Ever since ChatGPT's popularity exploded, bold predictions that AI would revolutionize knowledge work became the norm. In fact, one of the major selling points for so-called "agentic" AI, is that it would address the shortcomings of previous generative AI-based system and unleash previously unseen productivity, all thanks to its capability to handle multistep workflows requiring the use of several tools. But despite all the enthusiasm surrounding AI "agents", a recently published pre-print details a new benchmark (APEX-Agents) to test the current capabilities of frontier models in performing real workplace tasks, with the results suggesting that current models aren't ready to replace white-collar professionals anytime soon.
APEX-Agents tests leading AI models on actual tasks from consulting, investment banking, and law. The results are sobering: even the best-performing models achieved only around 24% accuracy, with most queries resulting in wrong or no answers.
The benchmark differs from previous tests by recreating entire professional work environments rather than isolated tasks.

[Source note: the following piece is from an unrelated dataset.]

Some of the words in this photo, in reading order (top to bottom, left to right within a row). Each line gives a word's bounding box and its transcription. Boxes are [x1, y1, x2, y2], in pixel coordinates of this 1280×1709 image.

According to Mercor CEO Brendan Foody, who participated in the research, the critical challenge is multi-domain reasoning—navigating information across platforms like Slack and Google Drive, similar to how humans actually work. "The way we do our jobs isn't with one individual giving us all the context in one place," Foody explained to TechCrunch. "In real life, you're operating across Slack and Google Drive and all these other tools."

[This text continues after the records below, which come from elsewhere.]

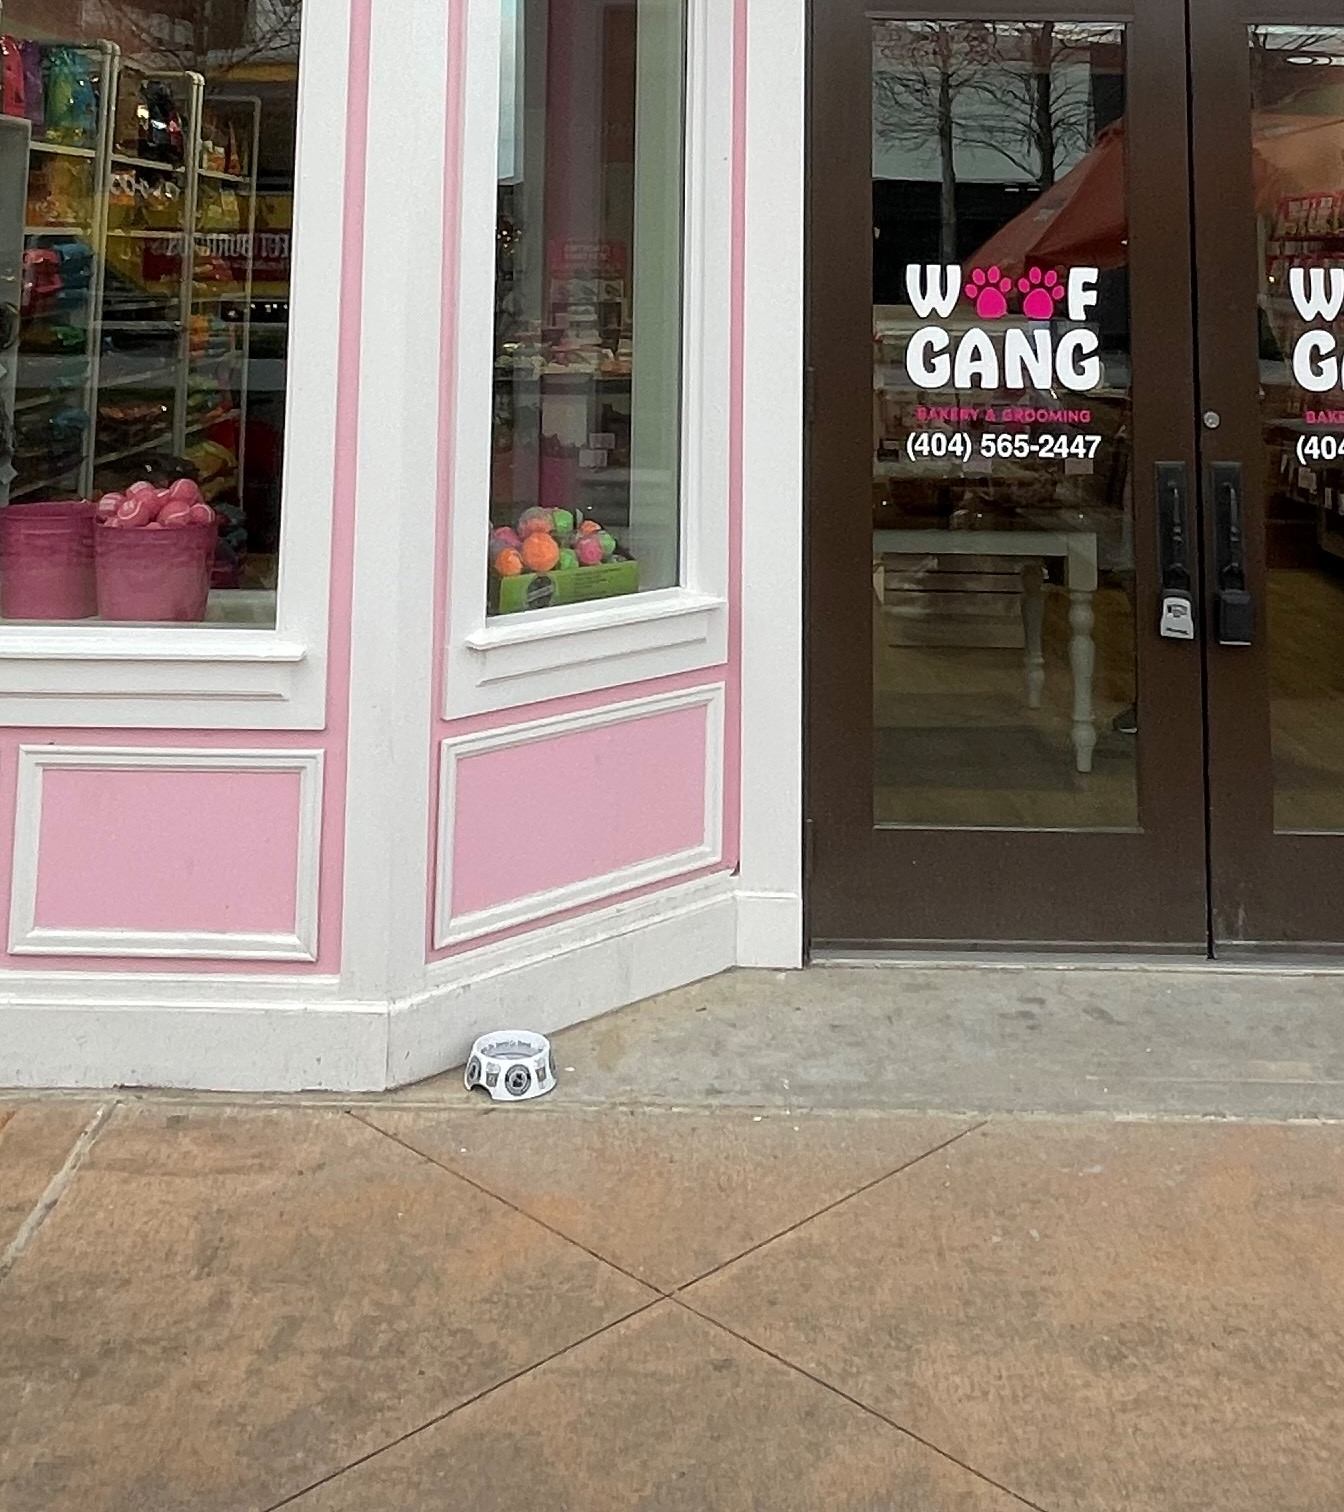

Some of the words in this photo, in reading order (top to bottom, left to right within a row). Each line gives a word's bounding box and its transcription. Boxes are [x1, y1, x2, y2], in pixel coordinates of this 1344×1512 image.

[906, 326, 1100, 390] GANG
[916, 406, 980, 422] BAKERY
[1002, 408, 1092, 424] GROOMING
[906, 432, 973, 463] (404)
[980, 434, 1102, 459] 565-2447

The test scenarios, drawn from real professionals and publicly available on Hugging Face, involve complex queries requiring deep domain expertise. One legal question asks whether log exports comply with EU privacy regulations under specific circumstances—a task demanding knowledge of both company policies and relevant laws.
Gemini 3 Flash led the pack with 24% accuracy, followed by GPT-5.2 at 23%. OpenAI's Opus 4.5, Gemini 3 Pro, and GPT-5 all hovered around 18%. As has become usual when a new benchmark comes around, it has been noted that the initial results are not great, but the expectation is to see rapid improvements in the future. This, of course, opens up the door to the usual discussion on whether improvement in benchmark scores is an accurate reflection of real-world progress.